For years I turned a plot of dirt into a beautiful yard. I manicured acres, building stone patios –plural. Turning hills into a flat yard, and dirt into soil. Wood into arbors and fences. I worked so hard on that yard. Worked on it and worked on it but never played in it. So much beauty I created. I became slave to a dream of better houses and gardens, never making a home that was within my reach. I kept busy in distraction and dream and whisked my kids to a playground a few miles away, a pool in a gym, and church garden days. I had missed the point.

Realizations
I believe it is a combination of my distance and enslavement that make moving to an apartment from a Barbie dream home so fluid. I have the opportunity to sit on my couch daily, have taken a bath-bath at least once a week instead of the once a month, and keep my plants green and squirrels fat. My children did not loose a yard, they do not miss being cooped up behind a barred door, and now our kitchen pours itself into the living-room with the fluid transition of bookshelves and light. My guitar, keyboard, and easel are out, and my vacuum is only needed once a week. I watch people instead of looking for my next project, and my voice is returning to me through my brush, my guitar pick, and my writing. I am knocking on doors for the first time in my life, stepping away from the limits of a closed mind, and living fearlessly and without limits.

Tuesday, June 5, 2012

Buttercup

 It’s important to be the best at something. My talent has always been knowing whether someone likes butter. It’s a secret that my grandmother taught me under the pee-gee hydrangea that canopied those who sat beneath it like a fairy tent; my grandmother on her stomach and me on my legs "criss-cross applesauce. " She delicately waved her hand over the un-mown tufts of lawn, teasing the long clumps of green grass, and when she lifted it, a buttercup would magically appear where there was only grass a moment before.

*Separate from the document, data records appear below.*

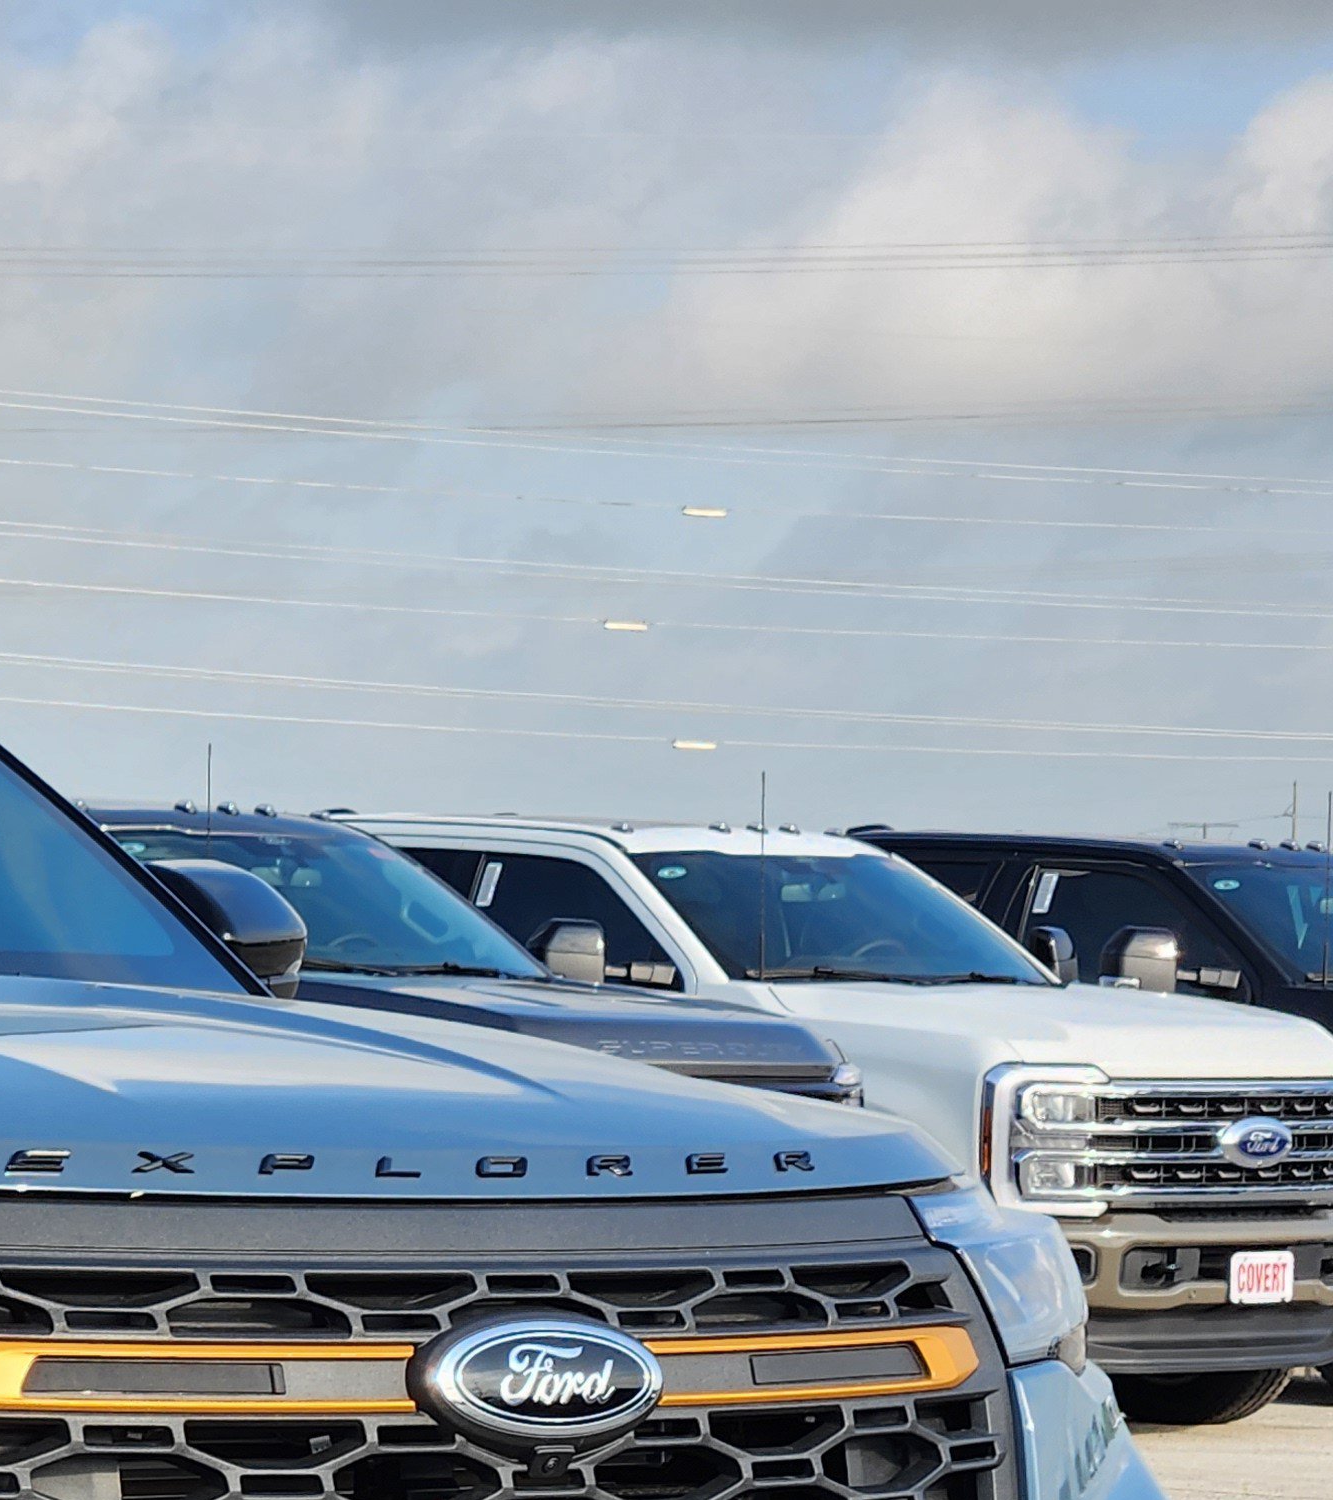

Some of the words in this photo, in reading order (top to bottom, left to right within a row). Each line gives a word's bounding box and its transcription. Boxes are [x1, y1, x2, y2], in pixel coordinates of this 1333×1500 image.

[1246, 1131, 1280, 1153] Ford
[4, 1149, 814, 1178] EXPLORER
[1237, 1263, 1287, 1292] COVERT
[500, 1343, 615, 1406] Ford
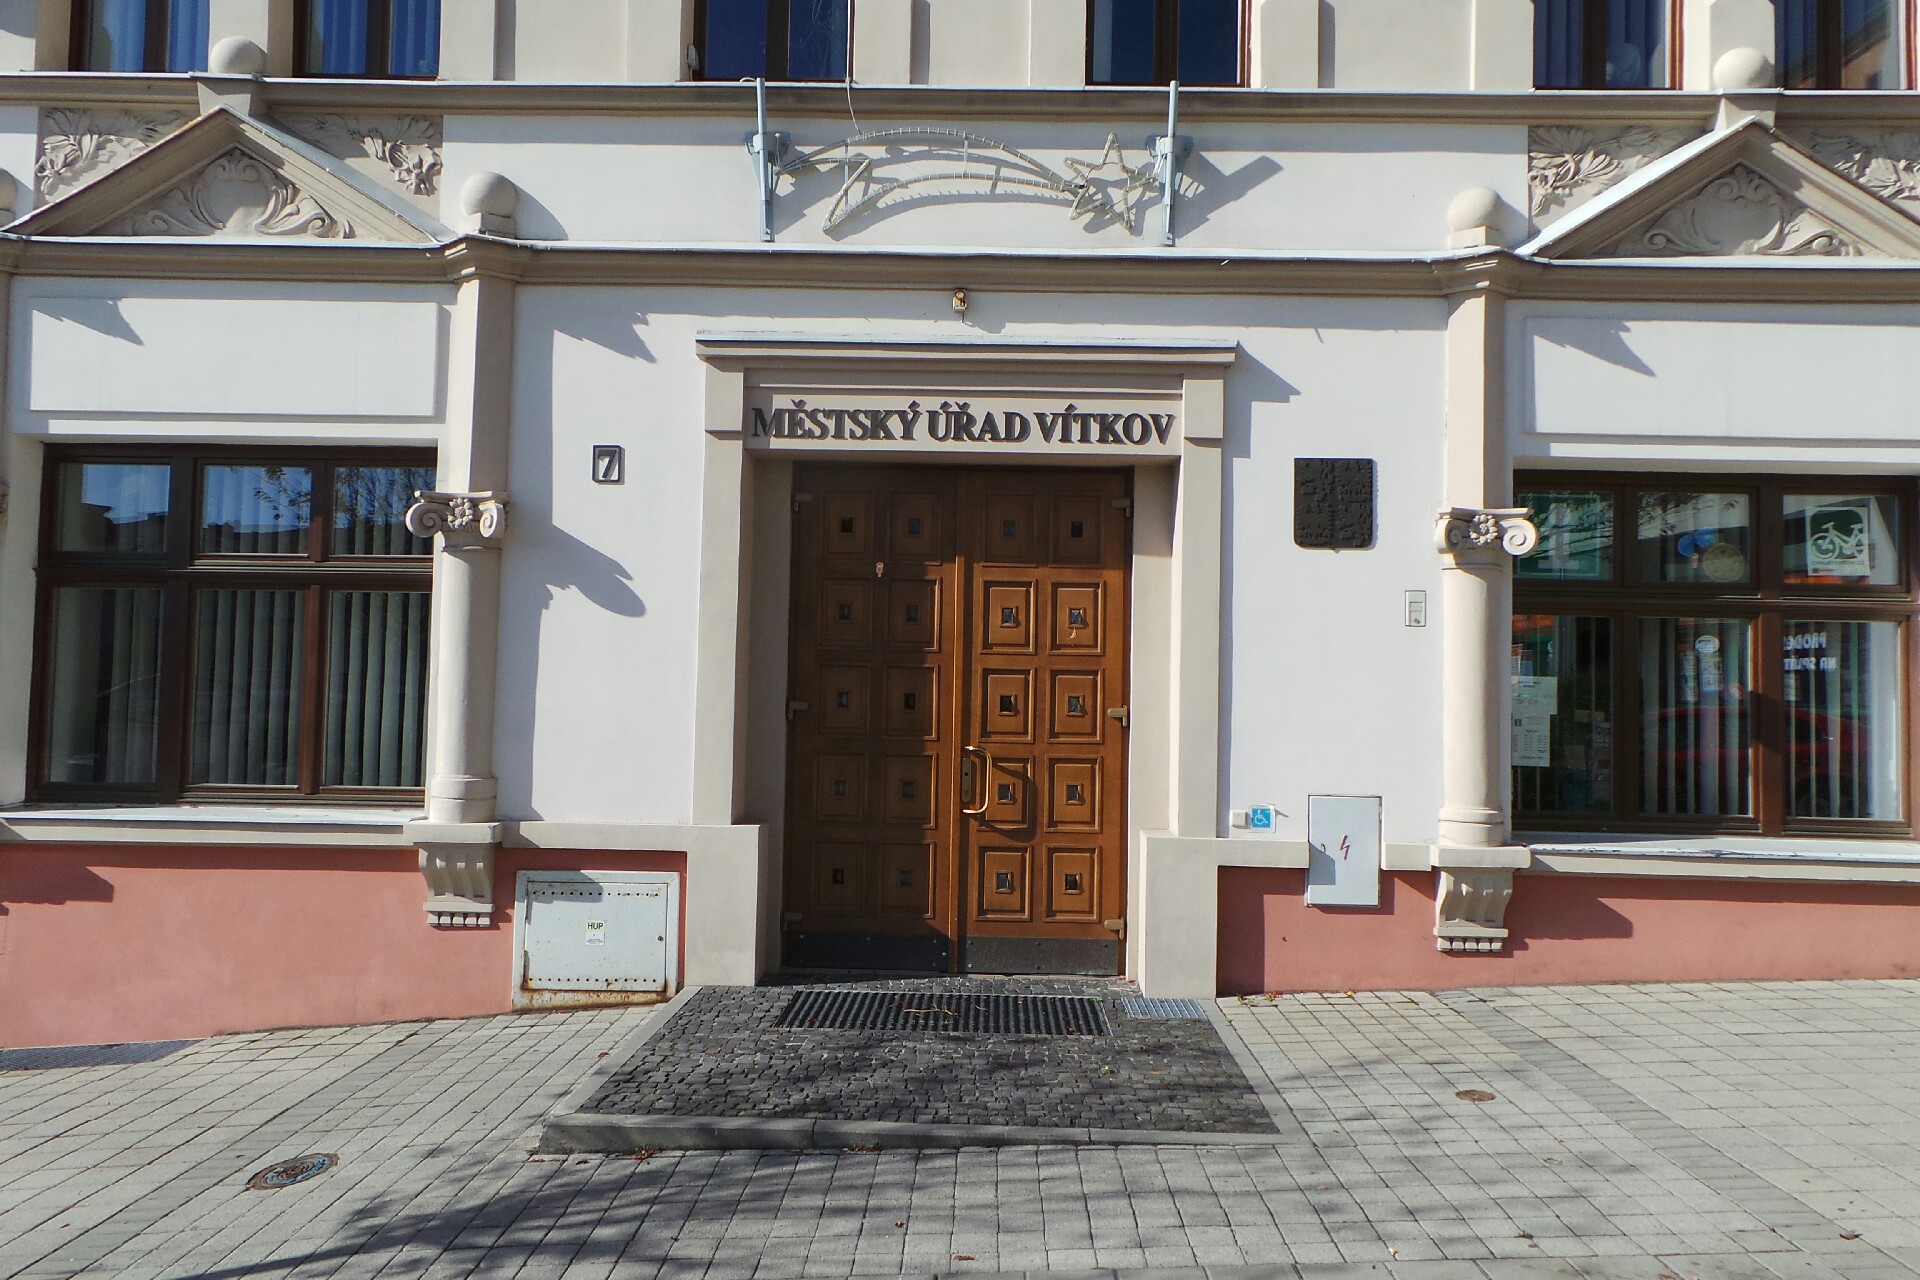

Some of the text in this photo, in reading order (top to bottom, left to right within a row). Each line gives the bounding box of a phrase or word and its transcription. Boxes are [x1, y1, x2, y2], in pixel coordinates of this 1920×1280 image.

[752, 399, 1177, 446] MĚSTSKÝ ÚŘAD VÍTKOV
[597, 449, 618, 479] 7
[587, 922, 604, 930] HUP

She taught me how to pick only the four-petaled flowers. “Be sure they look as though they have melted butter resting in the cup,” she would tell me. “Then pick it as close to the root as possible so that your hand doesn’t make a shadow on it.” The trick was that the person who you were testing for butter had to have her face directly in the sunlight so that she had to close her eyes or go blind trying to keep them opened. Drinking in the sun with freckles would melt the butter gland in the neck. She told me that to attract this gland, it was important to lightly tickle the throat with the buttercup… not to hard, or the butter from the flower would stick rather than reveal whether they liked butter or not. Amazingly enough, my grandmother’s secret has been on the nose 100% of the time. See; I can tell. You like butter.

A Quiet Place

My quiet place is high in a tree. I am hidden by purple maple leaves until they turn brown and fall off. Since the first time I climbed it, that tree has made space for me. Toward the top is a fork, split in three with the branches spread as a seat. I myself broke off a thin branch that cut into the spot; it became the perfect hanger. In that tree, I played pirates with Angie, star command with Paul Michael, and wild-child with Jenn. When everyone got called home to dinner, the tree would become my harbinger. I would get my back-pack filled with my favorit books, a sketch pad, and notebook, (maybe some stolen treat from the kitchen) -and decide what I wanted to do when I got there.    I could spy on Phillip as he rode his bike down the street, listen in as Danielle and Debbie argued on whose cabbage-patch kid’s birthday it was. I could be an elf. I could write the history of the world. I could be me. Last year, I visited my parents house. It didn’t look right. My father had cut down all of the trees –including mine. I had hardly pulled up when the tears came. I parked, shut off the car, and let my parents take care of the children. I walked up to the stump, silently cursing my father, and sat there, thinking of the time a branch broke and I lost my breath; of games I created. I remembered freedom of invisibility beneath the cloak of leaves. I’ve had pleanty to be angry with my father for; and surprisingly have let it all melt into acceptance. I will not; however, ever forgive him for cutting down my childhood. For desintegrating my quiet place. For lying about his reasons. And for taking away my tree.